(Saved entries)
**********

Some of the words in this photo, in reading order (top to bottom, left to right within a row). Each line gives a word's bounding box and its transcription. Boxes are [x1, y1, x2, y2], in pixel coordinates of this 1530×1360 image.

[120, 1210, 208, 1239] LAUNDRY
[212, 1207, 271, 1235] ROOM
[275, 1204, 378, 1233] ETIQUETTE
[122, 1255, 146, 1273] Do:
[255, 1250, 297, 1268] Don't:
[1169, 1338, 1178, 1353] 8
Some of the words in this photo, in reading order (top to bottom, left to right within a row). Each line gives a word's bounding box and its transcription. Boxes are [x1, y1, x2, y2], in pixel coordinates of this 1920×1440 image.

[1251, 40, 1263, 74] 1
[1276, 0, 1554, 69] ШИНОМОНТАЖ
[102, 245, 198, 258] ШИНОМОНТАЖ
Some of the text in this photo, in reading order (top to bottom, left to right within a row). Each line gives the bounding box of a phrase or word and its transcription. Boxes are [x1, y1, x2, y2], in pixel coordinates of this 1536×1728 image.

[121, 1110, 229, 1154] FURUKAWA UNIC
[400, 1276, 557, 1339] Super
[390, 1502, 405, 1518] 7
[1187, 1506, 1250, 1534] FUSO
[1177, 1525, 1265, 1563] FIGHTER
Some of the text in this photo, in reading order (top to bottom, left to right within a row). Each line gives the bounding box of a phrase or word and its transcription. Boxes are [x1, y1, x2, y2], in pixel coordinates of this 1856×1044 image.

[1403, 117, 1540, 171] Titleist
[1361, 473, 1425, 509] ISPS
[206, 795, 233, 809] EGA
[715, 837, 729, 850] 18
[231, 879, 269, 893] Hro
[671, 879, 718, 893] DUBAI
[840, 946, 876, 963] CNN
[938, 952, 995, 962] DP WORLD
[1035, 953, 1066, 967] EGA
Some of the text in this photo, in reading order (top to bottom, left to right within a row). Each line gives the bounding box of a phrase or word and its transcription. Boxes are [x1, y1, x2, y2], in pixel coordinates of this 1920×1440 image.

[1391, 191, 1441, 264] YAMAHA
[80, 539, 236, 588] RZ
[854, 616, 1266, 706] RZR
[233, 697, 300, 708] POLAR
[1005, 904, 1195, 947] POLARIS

**********

I need each of the entries above printed again exactly.

Some of the words in this photo, in reading order (top to bottom, left to right within a row). Each line gives a word's bounding box and its transcription. Boxes are [x1, y1, x2, y2], in pixel coordinates of this 1530×1360 image.

[120, 1210, 208, 1239] LAUNDRY
[212, 1207, 271, 1235] ROOM
[275, 1204, 378, 1233] ETIQUETTE
[122, 1255, 146, 1273] Do:
[255, 1250, 297, 1268] Don't:
[1169, 1338, 1178, 1353] 8
Some of the words in this photo, in reading order (top to bottom, left to right within a row). Each line gives a word's bounding box and its transcription. Boxes are [x1, y1, x2, y2], in pixel coordinates of this 1920×1440 image.

[1251, 40, 1263, 74] 1
[1276, 0, 1554, 69] ШИНОМОНТАЖ
[102, 245, 198, 258] ШИНОМОНТАЖ
Some of the text in this photo, in reading order (top to bottom, left to right within a row). Each line gives the bounding box of a phrase or word and its transcription. Boxes are [x1, y1, x2, y2], in pixel coordinates of this 1536×1728 image.

[121, 1110, 229, 1154] FURUKAWA UNIC
[400, 1276, 557, 1339] Super
[390, 1502, 405, 1518] 7
[1187, 1506, 1250, 1534] FUSO
[1177, 1525, 1265, 1563] FIGHTER
Some of the text in this photo, in reading order (top to bottom, left to right within a row). Each line gives the bounding box of a phrase or word and its transcription. Boxes are [x1, y1, x2, y2], in pixel coordinates of this 1856×1044 image.

[1403, 117, 1540, 171] Titleist
[1361, 473, 1425, 509] ISPS
[206, 795, 233, 809] EGA
[715, 837, 729, 850] 18
[231, 879, 269, 893] Hro
[671, 879, 718, 893] DUBAI
[840, 946, 876, 963] CNN
[938, 952, 995, 962] DP WORLD
[1035, 953, 1066, 967] EGA
Some of the text in this photo, in reading order (top to bottom, left to right within a row). Each line gives the bounding box of a phrase or word and its transcription. Boxes are [x1, y1, x2, y2], in pixel coordinates of this 1920×1440 image.

[1391, 191, 1441, 264] YAMAHA
[80, 539, 236, 588] RZ
[854, 616, 1266, 706] RZR
[233, 697, 300, 708] POLAR
[1005, 904, 1195, 947] POLARIS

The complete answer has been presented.